● **Exercise goal**
Reproduce all of the entries character for character, while leaving out any pictures they contain.

● **Data supplied**
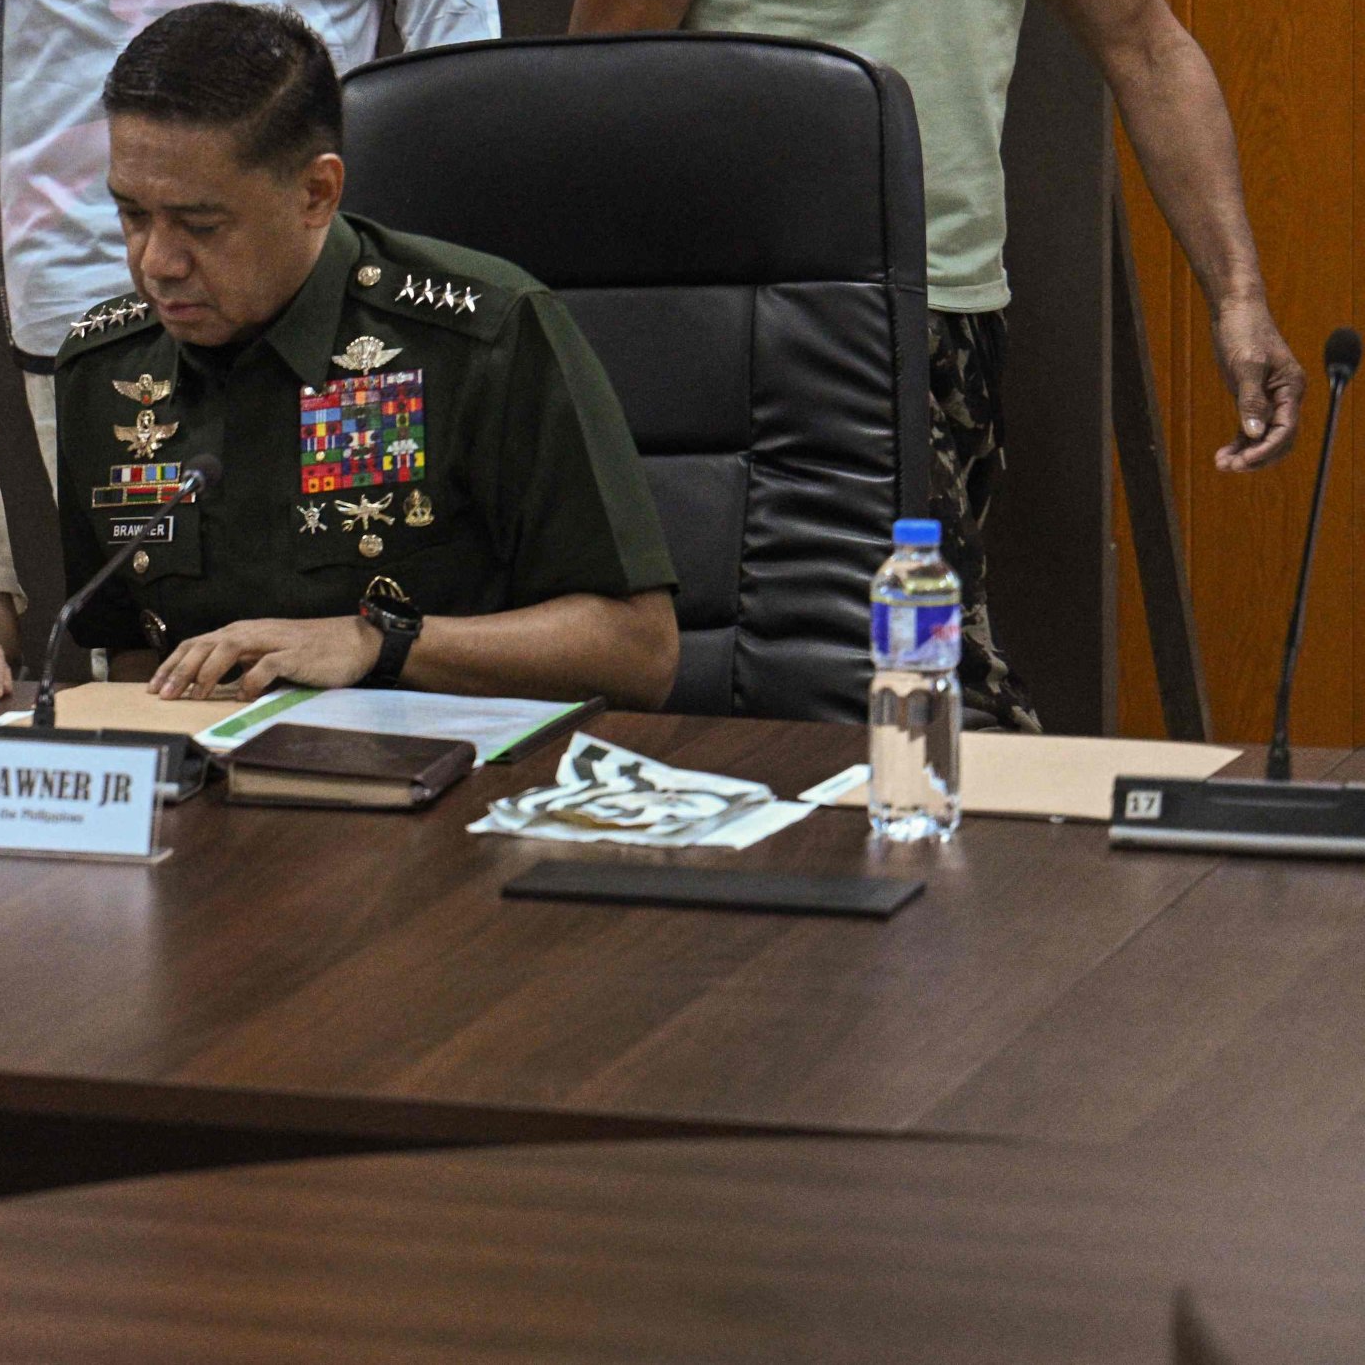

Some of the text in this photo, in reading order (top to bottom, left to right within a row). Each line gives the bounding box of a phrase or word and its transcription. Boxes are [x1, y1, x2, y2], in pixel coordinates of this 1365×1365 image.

[113, 523, 165, 537] BRAWER
[98, 771, 132, 807] JR
[1132, 795, 1155, 813] 17
[0, 808, 16, 820] the
[21, 809, 85, 825] Philippines

● **Answer space**
Some of the text in this photo, in reading order (top to bottom, left to right within a row). Each line gives the bounding box of a phrase or word and its transcription. Boxes are [x1, y1, x2, y2], in pixel coordinates of this 1365×1365 image.

[113, 523, 165, 537] BRAWER
[98, 771, 132, 807] JR
[1132, 795, 1155, 813] 17
[0, 808, 16, 820] the
[21, 809, 85, 825] Philippines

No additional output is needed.